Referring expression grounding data
--------

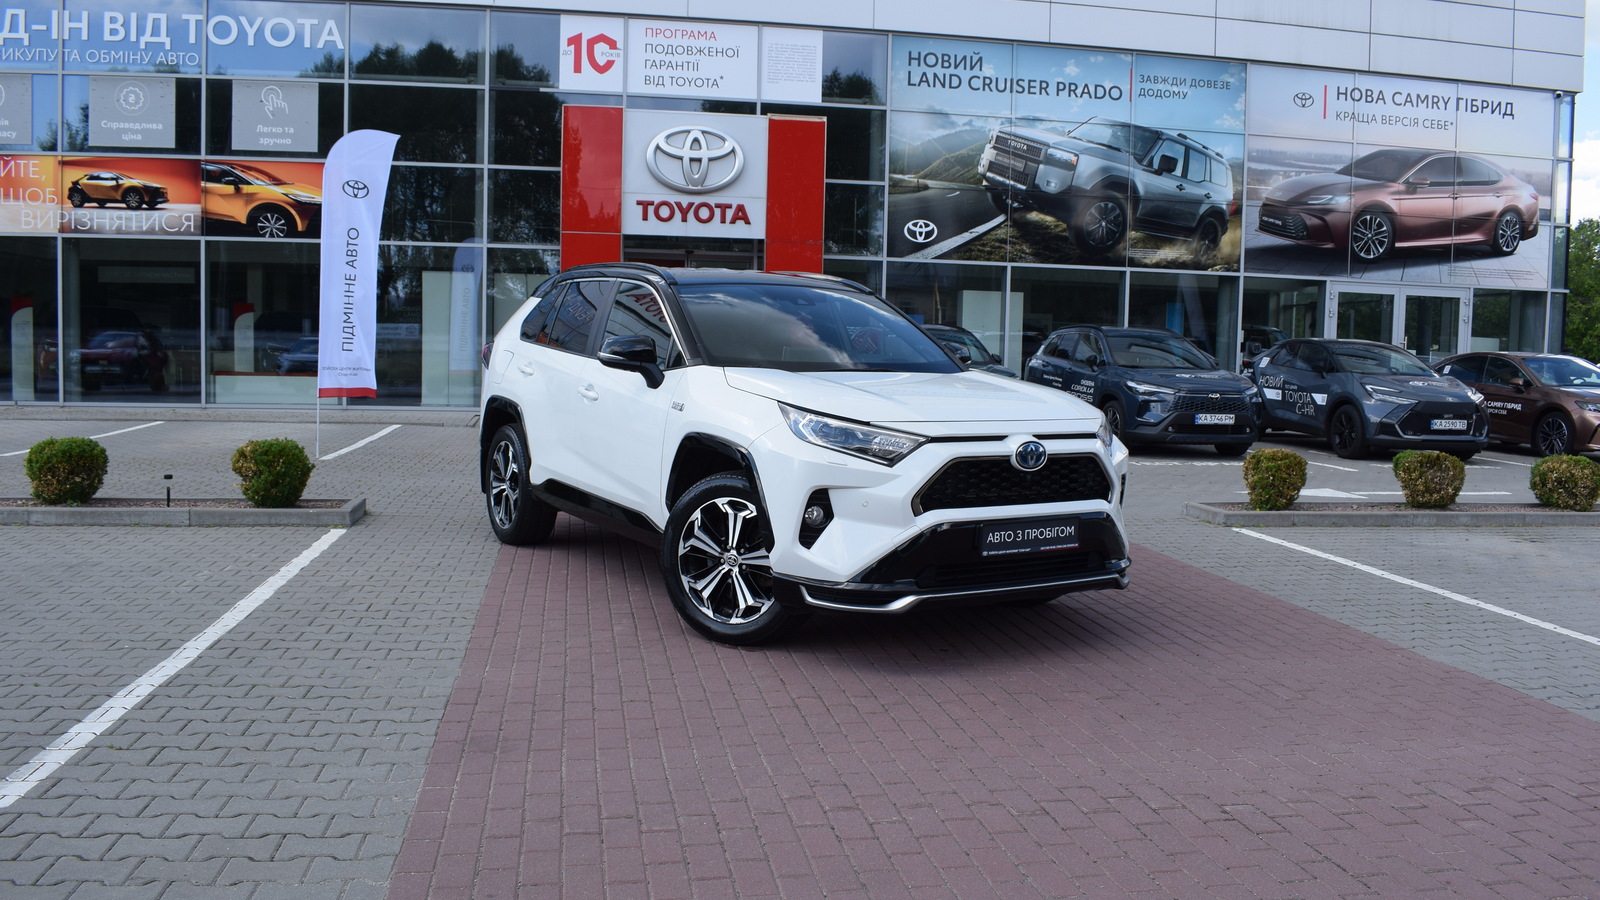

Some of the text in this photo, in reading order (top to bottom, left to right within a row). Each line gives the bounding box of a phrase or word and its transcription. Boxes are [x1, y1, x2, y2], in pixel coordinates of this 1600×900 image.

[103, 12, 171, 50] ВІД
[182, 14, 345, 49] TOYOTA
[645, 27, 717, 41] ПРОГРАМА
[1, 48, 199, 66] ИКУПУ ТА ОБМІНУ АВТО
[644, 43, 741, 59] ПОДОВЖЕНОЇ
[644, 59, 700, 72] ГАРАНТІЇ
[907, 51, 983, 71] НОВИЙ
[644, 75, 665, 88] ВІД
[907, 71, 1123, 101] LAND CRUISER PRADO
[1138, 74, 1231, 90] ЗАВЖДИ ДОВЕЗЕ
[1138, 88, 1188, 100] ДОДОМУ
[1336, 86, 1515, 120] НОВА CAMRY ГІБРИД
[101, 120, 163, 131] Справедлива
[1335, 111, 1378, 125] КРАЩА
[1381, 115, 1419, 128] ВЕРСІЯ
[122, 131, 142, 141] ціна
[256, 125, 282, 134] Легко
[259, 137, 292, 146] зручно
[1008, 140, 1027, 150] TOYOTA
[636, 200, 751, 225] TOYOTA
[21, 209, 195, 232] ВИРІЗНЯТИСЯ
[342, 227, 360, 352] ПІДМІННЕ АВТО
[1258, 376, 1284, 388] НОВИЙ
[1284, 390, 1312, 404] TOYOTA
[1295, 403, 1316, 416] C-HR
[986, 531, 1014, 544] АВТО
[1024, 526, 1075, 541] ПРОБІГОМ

--------

Your goal:
Set the data above down again exactly as given, with no pictures.

Response to this exercise:
Some of the text in this photo, in reading order (top to bottom, left to right within a row). Each line gives the bounding box of a phrase or word and its transcription. Boxes are [x1, y1, x2, y2], in pixel coordinates of this 1600×900 image.

[103, 12, 171, 50] ВІД
[182, 14, 345, 49] TOYOTA
[645, 27, 717, 41] ПРОГРАМА
[1, 48, 199, 66] ИКУПУ ТА ОБМІНУ АВТО
[644, 43, 741, 59] ПОДОВЖЕНОЇ
[644, 59, 700, 72] ГАРАНТІЇ
[907, 51, 983, 71] НОВИЙ
[644, 75, 665, 88] ВІД
[907, 71, 1123, 101] LAND CRUISER PRADO
[1138, 74, 1231, 90] ЗАВЖДИ ДОВЕЗЕ
[1138, 88, 1188, 100] ДОДОМУ
[1336, 86, 1515, 120] НОВА CAMRY ГІБРИД
[101, 120, 163, 131] Справедлива
[1335, 111, 1378, 125] КРАЩА
[1381, 115, 1419, 128] ВЕРСІЯ
[122, 131, 142, 141] ціна
[256, 125, 282, 134] Легко
[259, 137, 292, 146] зручно
[1008, 140, 1027, 150] TOYOTA
[636, 200, 751, 225] TOYOTA
[21, 209, 195, 232] ВИРІЗНЯТИСЯ
[342, 227, 360, 352] ПІДМІННЕ АВТО
[1258, 376, 1284, 388] НОВИЙ
[1284, 390, 1312, 404] TOYOTA
[1295, 403, 1316, 416] C-HR
[986, 531, 1014, 544] АВТО
[1024, 526, 1075, 541] ПРОБІГОМ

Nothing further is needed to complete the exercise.